# [INSTRUCTIONS TO FOLLOW]
Copy out the entries that follow, exactly as written.

*** GIVEN INFORMATION ***

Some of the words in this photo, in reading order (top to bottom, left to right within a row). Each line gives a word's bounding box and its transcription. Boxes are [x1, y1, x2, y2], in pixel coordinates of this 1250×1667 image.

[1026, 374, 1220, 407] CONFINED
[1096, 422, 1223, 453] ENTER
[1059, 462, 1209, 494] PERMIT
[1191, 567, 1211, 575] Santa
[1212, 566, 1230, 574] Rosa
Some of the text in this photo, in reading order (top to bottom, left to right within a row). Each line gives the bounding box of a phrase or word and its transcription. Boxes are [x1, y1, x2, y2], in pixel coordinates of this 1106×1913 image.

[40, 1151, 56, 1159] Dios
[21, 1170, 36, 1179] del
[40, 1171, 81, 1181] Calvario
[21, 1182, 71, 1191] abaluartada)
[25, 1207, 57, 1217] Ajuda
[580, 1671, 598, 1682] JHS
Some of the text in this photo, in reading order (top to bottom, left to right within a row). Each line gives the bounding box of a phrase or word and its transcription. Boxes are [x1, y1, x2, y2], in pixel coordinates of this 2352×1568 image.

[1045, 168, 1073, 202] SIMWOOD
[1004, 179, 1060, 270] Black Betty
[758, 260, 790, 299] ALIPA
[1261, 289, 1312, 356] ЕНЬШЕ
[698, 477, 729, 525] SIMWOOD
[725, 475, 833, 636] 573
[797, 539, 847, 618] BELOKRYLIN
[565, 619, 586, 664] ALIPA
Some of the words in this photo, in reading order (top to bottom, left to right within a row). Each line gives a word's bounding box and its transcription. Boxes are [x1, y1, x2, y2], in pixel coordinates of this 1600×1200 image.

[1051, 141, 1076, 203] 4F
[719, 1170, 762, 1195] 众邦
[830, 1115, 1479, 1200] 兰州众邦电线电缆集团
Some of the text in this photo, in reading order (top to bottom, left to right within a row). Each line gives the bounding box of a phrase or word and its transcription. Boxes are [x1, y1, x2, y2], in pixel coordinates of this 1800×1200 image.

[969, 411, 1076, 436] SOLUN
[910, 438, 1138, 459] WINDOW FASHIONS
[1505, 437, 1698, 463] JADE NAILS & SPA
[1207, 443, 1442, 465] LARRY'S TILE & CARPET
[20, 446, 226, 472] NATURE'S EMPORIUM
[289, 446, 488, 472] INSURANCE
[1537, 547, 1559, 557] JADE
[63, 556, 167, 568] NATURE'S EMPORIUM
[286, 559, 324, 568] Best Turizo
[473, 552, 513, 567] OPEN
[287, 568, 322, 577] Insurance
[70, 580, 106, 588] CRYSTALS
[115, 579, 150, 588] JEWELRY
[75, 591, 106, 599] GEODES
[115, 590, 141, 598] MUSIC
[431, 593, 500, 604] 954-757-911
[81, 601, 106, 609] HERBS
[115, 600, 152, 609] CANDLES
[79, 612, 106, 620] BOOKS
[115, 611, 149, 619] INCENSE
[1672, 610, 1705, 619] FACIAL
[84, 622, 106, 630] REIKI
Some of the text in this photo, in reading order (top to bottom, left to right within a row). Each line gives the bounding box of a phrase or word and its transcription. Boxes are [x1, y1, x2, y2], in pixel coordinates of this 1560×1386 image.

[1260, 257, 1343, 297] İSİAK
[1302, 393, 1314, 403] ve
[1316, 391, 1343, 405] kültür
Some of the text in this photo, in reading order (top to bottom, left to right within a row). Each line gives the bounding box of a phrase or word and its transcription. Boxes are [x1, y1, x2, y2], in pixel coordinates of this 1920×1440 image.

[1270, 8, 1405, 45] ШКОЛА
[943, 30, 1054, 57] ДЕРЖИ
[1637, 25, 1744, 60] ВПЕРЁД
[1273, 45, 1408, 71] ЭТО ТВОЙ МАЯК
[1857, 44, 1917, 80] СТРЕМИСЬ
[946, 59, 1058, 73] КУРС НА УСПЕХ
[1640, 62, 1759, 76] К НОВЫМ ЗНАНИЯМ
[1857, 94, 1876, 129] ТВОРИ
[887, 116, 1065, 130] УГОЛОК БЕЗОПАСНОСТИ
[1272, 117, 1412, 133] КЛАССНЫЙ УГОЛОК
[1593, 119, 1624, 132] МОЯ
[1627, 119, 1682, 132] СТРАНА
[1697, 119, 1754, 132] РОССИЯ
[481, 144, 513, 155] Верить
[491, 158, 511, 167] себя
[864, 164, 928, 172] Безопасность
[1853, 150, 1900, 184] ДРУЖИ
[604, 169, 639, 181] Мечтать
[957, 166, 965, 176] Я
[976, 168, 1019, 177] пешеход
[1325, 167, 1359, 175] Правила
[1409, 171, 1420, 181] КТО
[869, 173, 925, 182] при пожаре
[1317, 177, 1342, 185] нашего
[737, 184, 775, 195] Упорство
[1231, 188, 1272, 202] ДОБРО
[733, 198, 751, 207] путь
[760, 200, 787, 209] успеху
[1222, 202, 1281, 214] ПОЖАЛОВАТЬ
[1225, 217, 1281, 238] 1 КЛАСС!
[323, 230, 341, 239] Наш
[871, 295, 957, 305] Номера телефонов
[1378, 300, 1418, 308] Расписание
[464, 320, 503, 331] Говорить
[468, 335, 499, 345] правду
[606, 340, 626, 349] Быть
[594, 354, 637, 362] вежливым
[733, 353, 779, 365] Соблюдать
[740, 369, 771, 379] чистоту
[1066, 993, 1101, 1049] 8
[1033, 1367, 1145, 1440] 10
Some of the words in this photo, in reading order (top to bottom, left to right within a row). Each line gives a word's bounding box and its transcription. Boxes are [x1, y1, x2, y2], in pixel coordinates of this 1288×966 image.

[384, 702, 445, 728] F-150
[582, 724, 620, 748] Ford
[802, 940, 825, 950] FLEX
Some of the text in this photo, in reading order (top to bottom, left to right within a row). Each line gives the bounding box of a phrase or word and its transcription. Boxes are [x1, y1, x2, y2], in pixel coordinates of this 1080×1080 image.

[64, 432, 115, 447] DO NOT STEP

*** End of GIVEN INFORMATION ***

# [RESPONSE TO THE TASK]
Some of the words in this photo, in reading order (top to bottom, left to right within a row). Each line gives a word's bounding box and its transcription. Boxes are [x1, y1, x2, y2], in pixel coordinates of this 1250×1667 image.

[1026, 374, 1220, 407] CONFINED
[1096, 422, 1223, 453] ENTER
[1059, 462, 1209, 494] PERMIT
[1191, 567, 1211, 575] Santa
[1212, 566, 1230, 574] Rosa
Some of the text in this photo, in reading order (top to bottom, left to right within a row). Each line gives the bounding box of a phrase or word and its transcription. Boxes are [x1, y1, x2, y2], in pixel coordinates of this 1106×1913 image.

[40, 1151, 56, 1159] Dios
[21, 1170, 36, 1179] del
[40, 1171, 81, 1181] Calvario
[21, 1182, 71, 1191] abaluartada)
[25, 1207, 57, 1217] Ajuda
[580, 1671, 598, 1682] JHS
Some of the text in this photo, in reading order (top to bottom, left to right within a row). Each line gives the bounding box of a phrase or word and its transcription. Boxes are [x1, y1, x2, y2], in pixel coordinates of this 2352×1568 image.

[1045, 168, 1073, 202] SIMWOOD
[1004, 179, 1060, 270] Black Betty
[758, 260, 790, 299] ALIPA
[1261, 289, 1312, 356] ЕНЬШЕ
[698, 477, 729, 525] SIMWOOD
[725, 475, 833, 636] 573
[797, 539, 847, 618] BELOKRYLIN
[565, 619, 586, 664] ALIPA
Some of the words in this photo, in reading order (top to bottom, left to right within a row). Each line gives a word's bounding box and its transcription. Boxes are [x1, y1, x2, y2], in pixel coordinates of this 1600×1200 image.

[1051, 141, 1076, 203] 4F
[719, 1170, 762, 1195] 众邦
[830, 1115, 1479, 1200] 兰州众邦电线电缆集团
Some of the text in this photo, in reading order (top to bottom, left to right within a row). Each line gives the bounding box of a phrase or word and its transcription. Boxes are [x1, y1, x2, y2], in pixel coordinates of this 1800×1200 image.

[969, 411, 1076, 436] SOLUN
[910, 438, 1138, 459] WINDOW FASHIONS
[1505, 437, 1698, 463] JADE NAILS & SPA
[1207, 443, 1442, 465] LARRY'S TILE & CARPET
[20, 446, 226, 472] NATURE'S EMPORIUM
[289, 446, 488, 472] INSURANCE
[1537, 547, 1559, 557] JADE
[63, 556, 167, 568] NATURE'S EMPORIUM
[286, 559, 324, 568] Best Turizo
[473, 552, 513, 567] OPEN
[287, 568, 322, 577] Insurance
[70, 580, 106, 588] CRYSTALS
[115, 579, 150, 588] JEWELRY
[75, 591, 106, 599] GEODES
[115, 590, 141, 598] MUSIC
[431, 593, 500, 604] 954-757-911
[81, 601, 106, 609] HERBS
[115, 600, 152, 609] CANDLES
[79, 612, 106, 620] BOOKS
[115, 611, 149, 619] INCENSE
[1672, 610, 1705, 619] FACIAL
[84, 622, 106, 630] REIKI
Some of the text in this photo, in reading order (top to bottom, left to right within a row). Each line gives the bounding box of a phrase or word and its transcription. Boxes are [x1, y1, x2, y2], in pixel coordinates of this 1560×1386 image.

[1260, 257, 1343, 297] İSİAK
[1302, 393, 1314, 403] ve
[1316, 391, 1343, 405] kültür
Some of the text in this photo, in reading order (top to bottom, left to right within a row). Each line gives the bounding box of a phrase or word and its transcription. Boxes are [x1, y1, x2, y2], in pixel coordinates of this 1920×1440 image.

[1270, 8, 1405, 45] ШКОЛА
[943, 30, 1054, 57] ДЕРЖИ
[1637, 25, 1744, 60] ВПЕРЁД
[1273, 45, 1408, 71] ЭТО ТВОЙ МАЯК
[1857, 44, 1917, 80] СТРЕМИСЬ
[946, 59, 1058, 73] КУРС НА УСПЕХ
[1640, 62, 1759, 76] К НОВЫМ ЗНАНИЯМ
[1857, 94, 1876, 129] ТВОРИ
[887, 116, 1065, 130] УГОЛОК БЕЗОПАСНОСТИ
[1272, 117, 1412, 133] КЛАССНЫЙ УГОЛОК
[1593, 119, 1624, 132] МОЯ
[1627, 119, 1682, 132] СТРАНА
[1697, 119, 1754, 132] РОССИЯ
[481, 144, 513, 155] Верить
[491, 158, 511, 167] себя
[864, 164, 928, 172] Безопасность
[1853, 150, 1900, 184] ДРУЖИ
[604, 169, 639, 181] Мечтать
[957, 166, 965, 176] Я
[976, 168, 1019, 177] пешеход
[1325, 167, 1359, 175] Правила
[1409, 171, 1420, 181] КТО
[869, 173, 925, 182] при пожаре
[1317, 177, 1342, 185] нашего
[737, 184, 775, 195] Упорство
[1231, 188, 1272, 202] ДОБРО
[733, 198, 751, 207] путь
[760, 200, 787, 209] успеху
[1222, 202, 1281, 214] ПОЖАЛОВАТЬ
[1225, 217, 1281, 238] 1 КЛАСС!
[323, 230, 341, 239] Наш
[871, 295, 957, 305] Номера телефонов
[1378, 300, 1418, 308] Расписание
[464, 320, 503, 331] Говорить
[468, 335, 499, 345] правду
[606, 340, 626, 349] Быть
[594, 354, 637, 362] вежливым
[733, 353, 779, 365] Соблюдать
[740, 369, 771, 379] чистоту
[1066, 993, 1101, 1049] 8
[1033, 1367, 1145, 1440] 10
Some of the words in this photo, in reading order (top to bottom, left to right within a row). Each line gives a word's bounding box and its transcription. Boxes are [x1, y1, x2, y2], in pixel coordinates of this 1288×966 image.

[384, 702, 445, 728] F-150
[582, 724, 620, 748] Ford
[802, 940, 825, 950] FLEX
Some of the text in this photo, in reading order (top to bottom, left to right within a row). Each line gives the bounding box of a phrase or word and its transcription. Boxes are [x1, y1, x2, y2], in pixel coordinates of this 1080×1080 image.

[64, 432, 115, 447] DO NOT STEP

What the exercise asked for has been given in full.